Carey was nominated by the school’s wellness champion, who said: “She has always been a positive role model in supporting our students and scholars when it comes to their health and wellness. She has also provided the staff with materials to help teach our upcoming generation about the importance of eating healthy and exercising.”
Cather was a pilot school for the district’s 30-20-10 physical activity program that required 30 minutes of daily physical education, 20 minutes of daily recess and 10 minutes of daily physical activity in classrooms. While many schools worked up to the full 30 minutes a day, Cather went all in year one. “Instead of us doing a little bit at a time, we implemented it full-fledged that first year,” Carey says. “It got easier last year; this year, scheduling will be a breeze.”
A challenging aspect of the pilot was instituting the 10 minutes of physical activity in the classroom every day. “The movement minutes were brand new,” Carey says. “Now the teachers make sure they do five minutes in the morning and five minutes in the afternoon.” The students notice when it’s time for movement minutes and remind the teachers if they forget, Carey says.
Principal Carey is always searching for new partners and opportunities to better her school and team. In 2015, Cather opened its new Space to Grow schoolyard, which has provided the school with basketball space, a track, play equipment, gardens and an outdoor classroom.

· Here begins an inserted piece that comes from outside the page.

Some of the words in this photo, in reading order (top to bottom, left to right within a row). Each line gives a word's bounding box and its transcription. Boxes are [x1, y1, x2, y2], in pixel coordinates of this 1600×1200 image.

Space to Grow is an innovative partnership led by HSC and Openlands to transform Chicago schoolyards into centers for outdoor learning, play and engagement with nature, while also addressing neighborhood flooding issues. Space to Grow is supported by capital funding and expertise from CPS, the Chicago Department of Water Management and the Metropolitan Water Reclamation District of Greater Chicago.
The school’s hard work in promoting health and wellness is paying off. Carey has seen students develop healthier behaviors as a result of the increased physical activity. She says half of the students used to stop by the corner store to buy chips or candy before school; now only a quarter of them do.

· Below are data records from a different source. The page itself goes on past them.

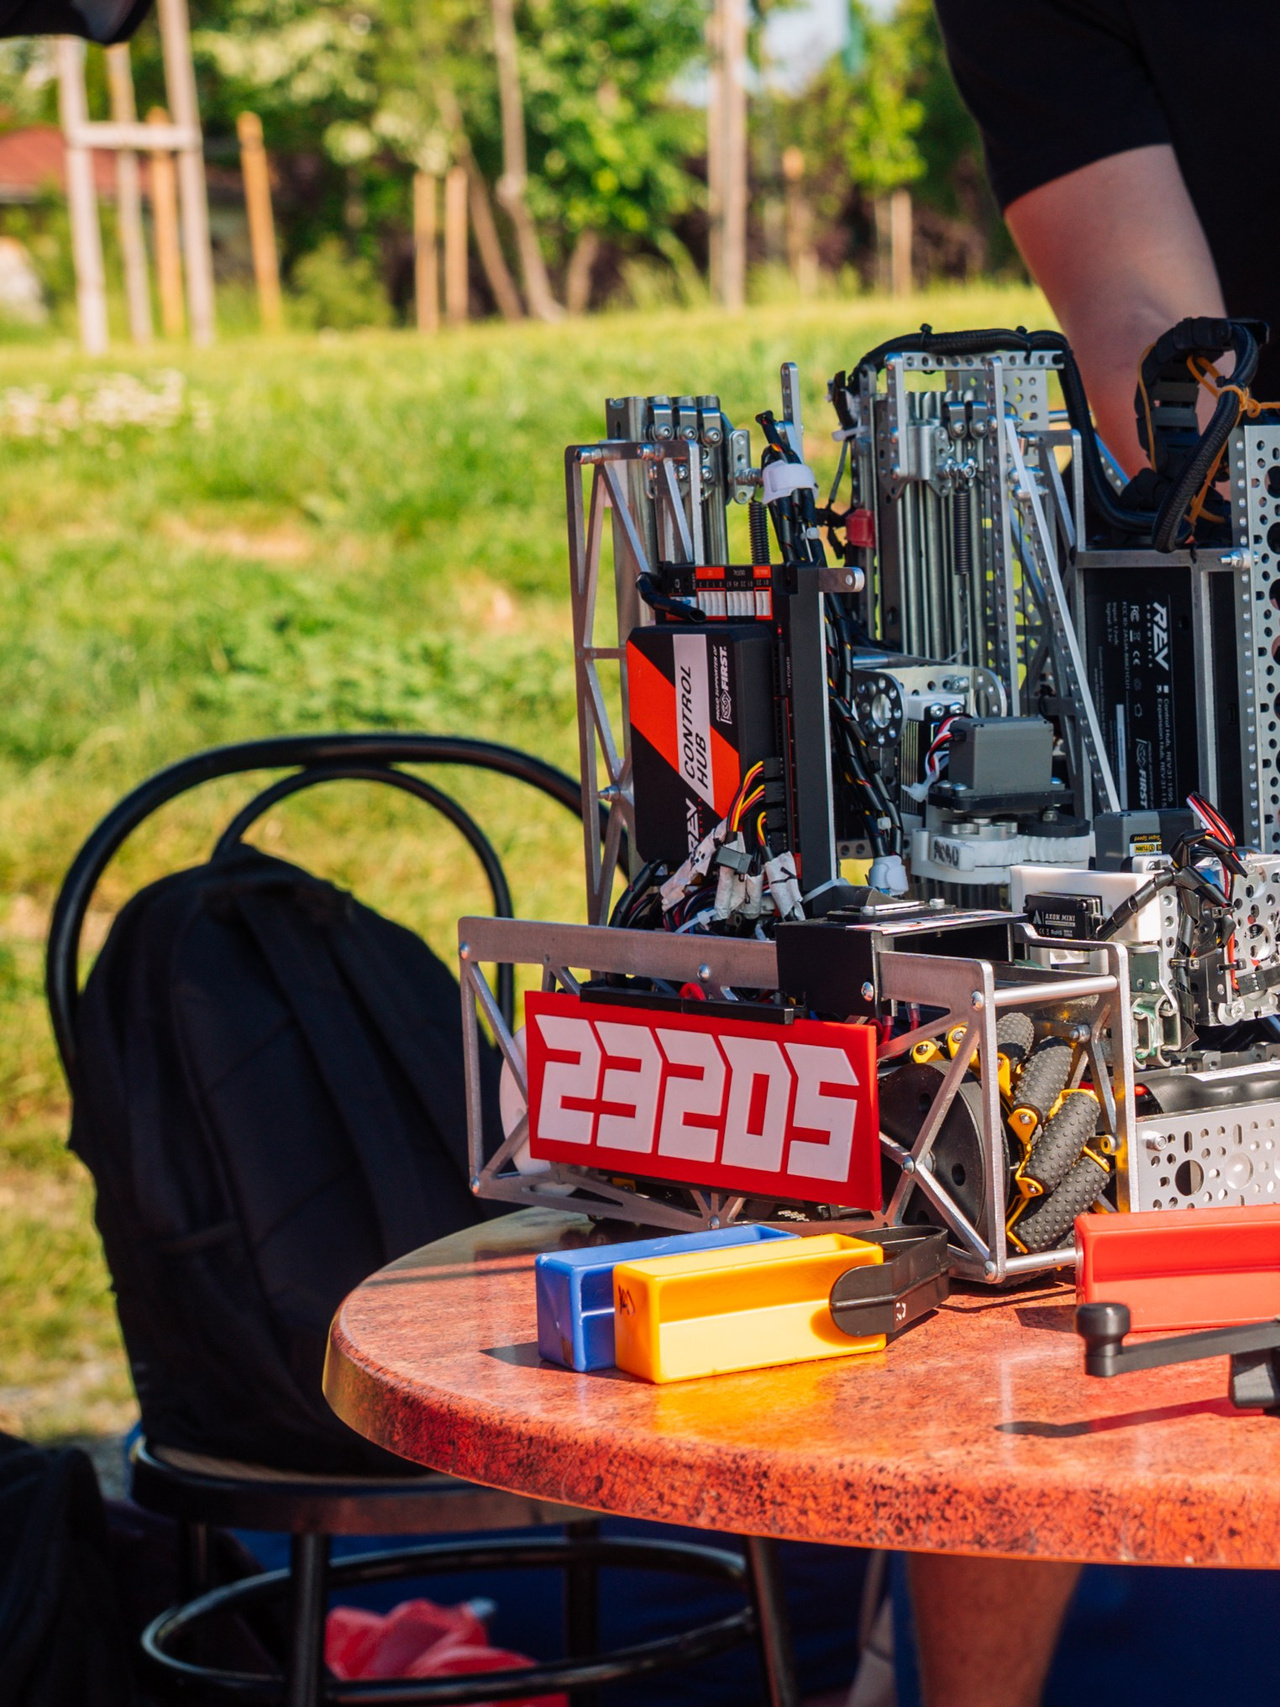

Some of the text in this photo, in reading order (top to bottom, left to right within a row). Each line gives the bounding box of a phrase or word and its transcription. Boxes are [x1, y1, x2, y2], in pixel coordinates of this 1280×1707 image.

[1152, 601, 1169, 671] REV
[682, 665, 695, 780] CONTROL
[696, 736, 709, 790] HUB
[1138, 769, 1148, 809] FIRST
[685, 797, 699, 854] REV
[534, 1013, 859, 1183] 23205
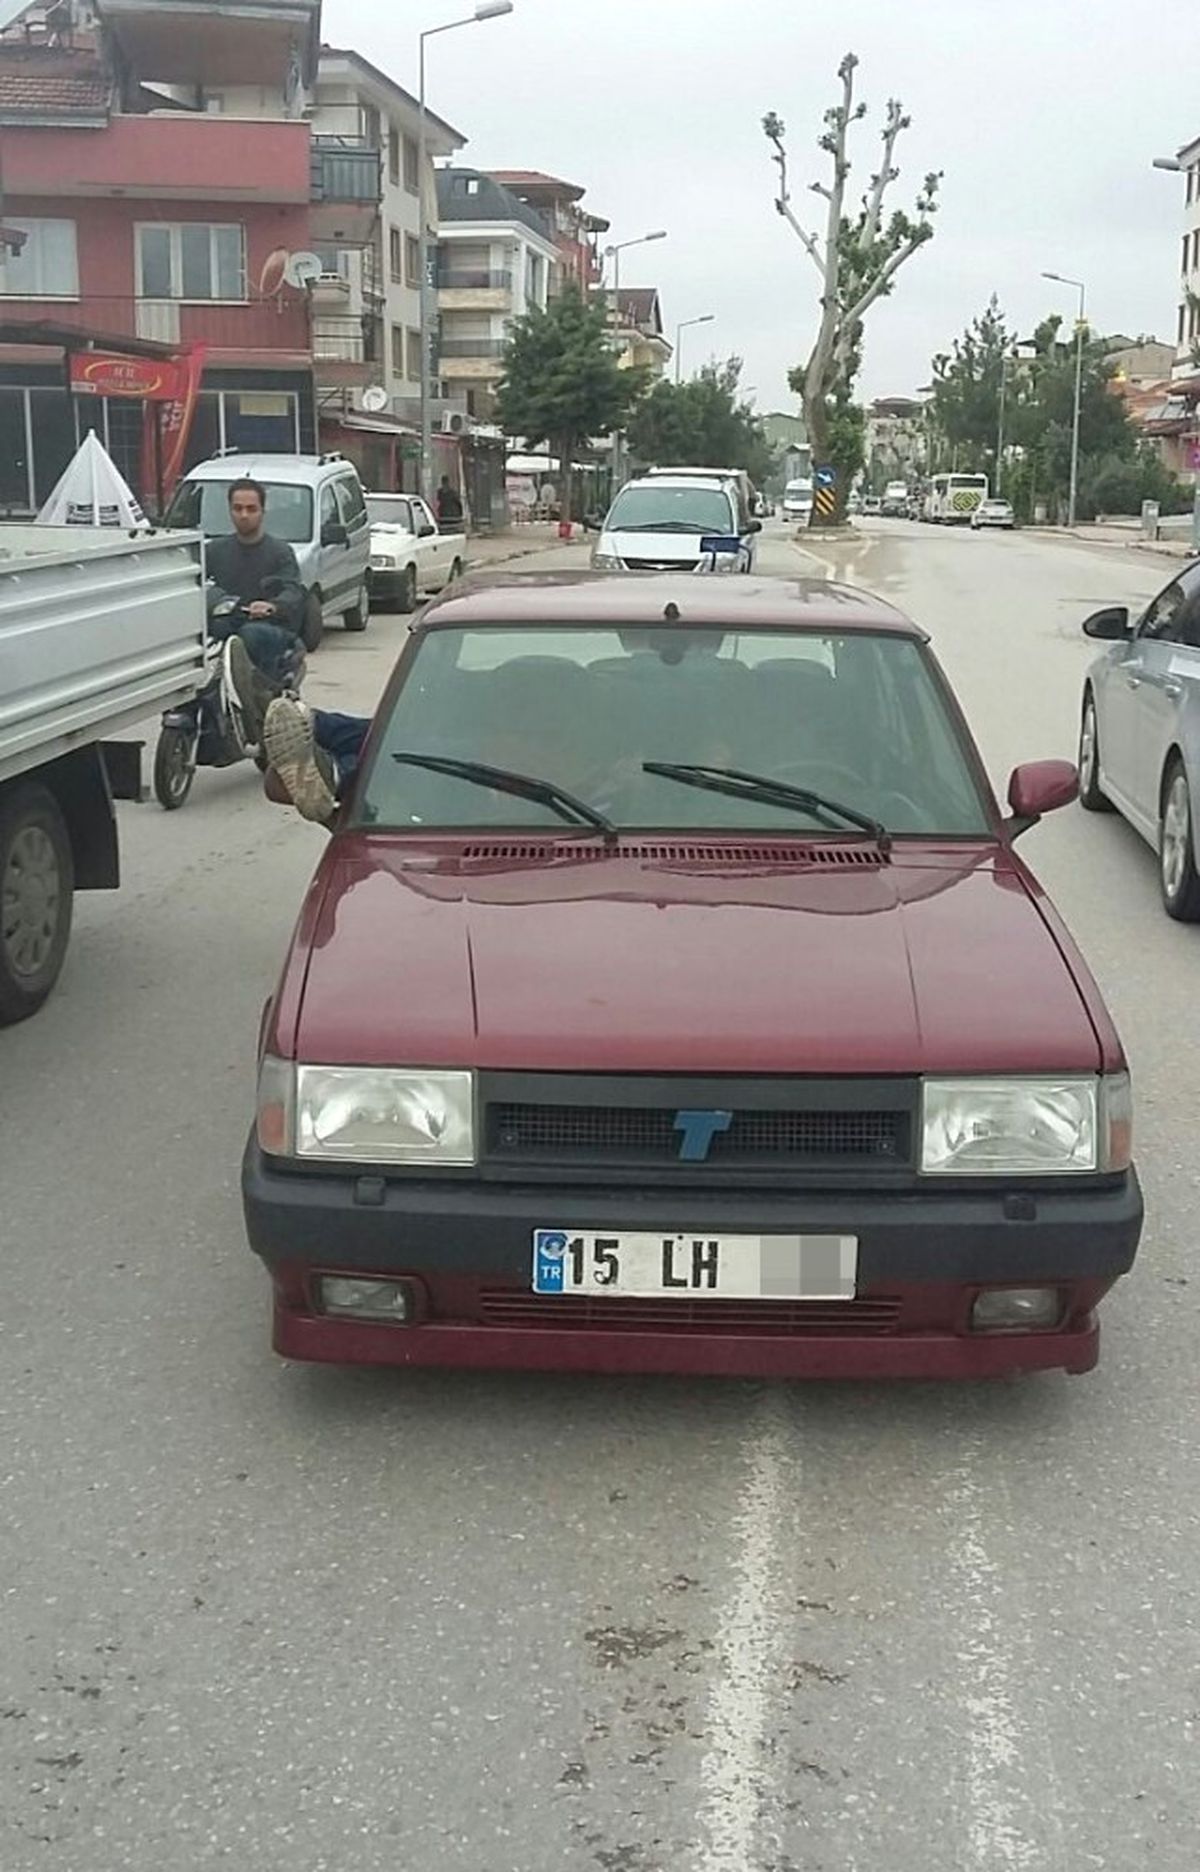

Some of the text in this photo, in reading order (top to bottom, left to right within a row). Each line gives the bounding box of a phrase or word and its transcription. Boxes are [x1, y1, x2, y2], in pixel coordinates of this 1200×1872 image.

[673, 1110, 733, 1161] T
[541, 1265, 561, 1280] TR
[568, 1237, 718, 1288] 15 LH

Cather has also introduced a nutrition education component to classrooms—using fruits and vegetables from their own garden when they can. Twice a week, a fruit or vegetable is passed out in the classroom, and the teacher educates the students about the health facts. “It’s an opportunity for students to taste something that they’ve never tried before,” she says.
This year, Carey is also encouraging teachers to improve their own health and wellness. Each teacher filled out a pledge card with a personal health and wellness goal to be achieved this school year. She attached each teacher’s picture to the card and is constructing a bulletin board that will be displayed near the main entrance. She is going to be checking in with the teachers on a quarterly basis to track progress. Teacher wellness goals include drinking more water, getting more sleep and eating less sugary foods.
Congratulations on receiving recognition for your great work, Principal Carey! Principal leadership is so important to ensuring health-promoting practices are adopted and stick. Carey’s leadership has been tremendous in changing the school’s culture.